_Data extract_.
__________
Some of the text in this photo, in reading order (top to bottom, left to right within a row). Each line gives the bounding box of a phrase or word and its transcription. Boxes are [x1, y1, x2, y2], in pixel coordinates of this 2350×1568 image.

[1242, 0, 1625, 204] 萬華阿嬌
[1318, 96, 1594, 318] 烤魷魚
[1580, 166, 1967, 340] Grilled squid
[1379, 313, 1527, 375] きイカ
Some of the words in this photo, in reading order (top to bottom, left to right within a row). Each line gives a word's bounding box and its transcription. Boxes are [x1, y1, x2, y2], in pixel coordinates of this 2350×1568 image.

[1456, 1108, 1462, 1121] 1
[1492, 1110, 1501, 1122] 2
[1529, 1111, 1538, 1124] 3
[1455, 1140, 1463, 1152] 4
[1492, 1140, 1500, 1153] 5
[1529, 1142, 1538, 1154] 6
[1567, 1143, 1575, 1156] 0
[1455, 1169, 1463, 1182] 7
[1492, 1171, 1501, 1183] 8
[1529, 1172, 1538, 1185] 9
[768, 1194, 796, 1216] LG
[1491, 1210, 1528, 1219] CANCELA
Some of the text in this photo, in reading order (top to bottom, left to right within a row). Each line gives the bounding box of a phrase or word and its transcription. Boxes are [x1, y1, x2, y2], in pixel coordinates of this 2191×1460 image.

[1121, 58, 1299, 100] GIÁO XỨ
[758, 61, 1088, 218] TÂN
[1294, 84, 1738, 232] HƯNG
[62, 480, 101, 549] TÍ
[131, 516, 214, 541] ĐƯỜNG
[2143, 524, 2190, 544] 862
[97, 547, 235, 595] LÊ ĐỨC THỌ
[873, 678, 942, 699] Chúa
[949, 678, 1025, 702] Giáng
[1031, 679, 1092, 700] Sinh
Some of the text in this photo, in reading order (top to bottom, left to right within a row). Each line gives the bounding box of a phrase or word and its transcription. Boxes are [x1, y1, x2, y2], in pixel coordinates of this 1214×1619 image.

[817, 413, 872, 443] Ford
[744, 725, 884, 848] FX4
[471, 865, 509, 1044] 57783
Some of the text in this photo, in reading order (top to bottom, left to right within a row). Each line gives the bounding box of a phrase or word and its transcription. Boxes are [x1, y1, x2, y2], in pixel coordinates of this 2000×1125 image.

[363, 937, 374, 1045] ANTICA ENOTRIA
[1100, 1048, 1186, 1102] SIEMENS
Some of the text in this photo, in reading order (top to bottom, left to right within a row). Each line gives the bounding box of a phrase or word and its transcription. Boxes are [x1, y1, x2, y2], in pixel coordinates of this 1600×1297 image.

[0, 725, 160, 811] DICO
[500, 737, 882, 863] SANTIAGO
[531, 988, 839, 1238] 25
__________
Each line of the material is to be returned precisely as written.

_Answer section_.
Some of the text in this photo, in reading order (top to bottom, left to right within a row). Each line gives the bounding box of a phrase or word and its transcription. Boxes are [x1, y1, x2, y2], in pixel coordinates of this 2350×1568 image.

[1242, 0, 1625, 204] 萬華阿嬌
[1318, 96, 1594, 318] 烤魷魚
[1580, 166, 1967, 340] Grilled squid
[1379, 313, 1527, 375] きイカ
Some of the words in this photo, in reading order (top to bottom, left to right within a row). Each line gives a word's bounding box and its transcription. Boxes are [x1, y1, x2, y2], in pixel coordinates of this 2350×1568 image.

[1456, 1108, 1462, 1121] 1
[1492, 1110, 1501, 1122] 2
[1529, 1111, 1538, 1124] 3
[1455, 1140, 1463, 1152] 4
[1492, 1140, 1500, 1153] 5
[1529, 1142, 1538, 1154] 6
[1567, 1143, 1575, 1156] 0
[1455, 1169, 1463, 1182] 7
[1492, 1171, 1501, 1183] 8
[1529, 1172, 1538, 1185] 9
[768, 1194, 796, 1216] LG
[1491, 1210, 1528, 1219] CANCELA
Some of the text in this photo, in reading order (top to bottom, left to right within a row). Each line gives the bounding box of a phrase or word and its transcription. Boxes are [x1, y1, x2, y2], in pixel coordinates of this 2191×1460 image.

[1121, 58, 1299, 100] GIÁO XỨ
[758, 61, 1088, 218] TÂN
[1294, 84, 1738, 232] HƯNG
[62, 480, 101, 549] TÍ
[131, 516, 214, 541] ĐƯỜNG
[2143, 524, 2190, 544] 862
[97, 547, 235, 595] LÊ ĐỨC THỌ
[873, 678, 942, 699] Chúa
[949, 678, 1025, 702] Giáng
[1031, 679, 1092, 700] Sinh
Some of the text in this photo, in reading order (top to bottom, left to right within a row). Each line gives the bounding box of a phrase or word and its transcription. Boxes are [x1, y1, x2, y2], in pixel coordinates of this 1214×1619 image.

[817, 413, 872, 443] Ford
[744, 725, 884, 848] FX4
[471, 865, 509, 1044] 57783
Some of the text in this photo, in reading order (top to bottom, left to right within a row). Each line gives the bounding box of a phrase or word and its transcription. Boxes are [x1, y1, x2, y2], in pixel coordinates of this 2000×1125 image.

[363, 937, 374, 1045] ANTICA ENOTRIA
[1100, 1048, 1186, 1102] SIEMENS
Some of the text in this photo, in reading order (top to bottom, left to right within a row). Each line gives the bounding box of a phrase or word and its transcription. Boxes are [x1, y1, x2, y2], in pixel coordinates of this 1600×1297 image.

[0, 725, 160, 811] DICO
[500, 737, 882, 863] SANTIAGO
[531, 988, 839, 1238] 25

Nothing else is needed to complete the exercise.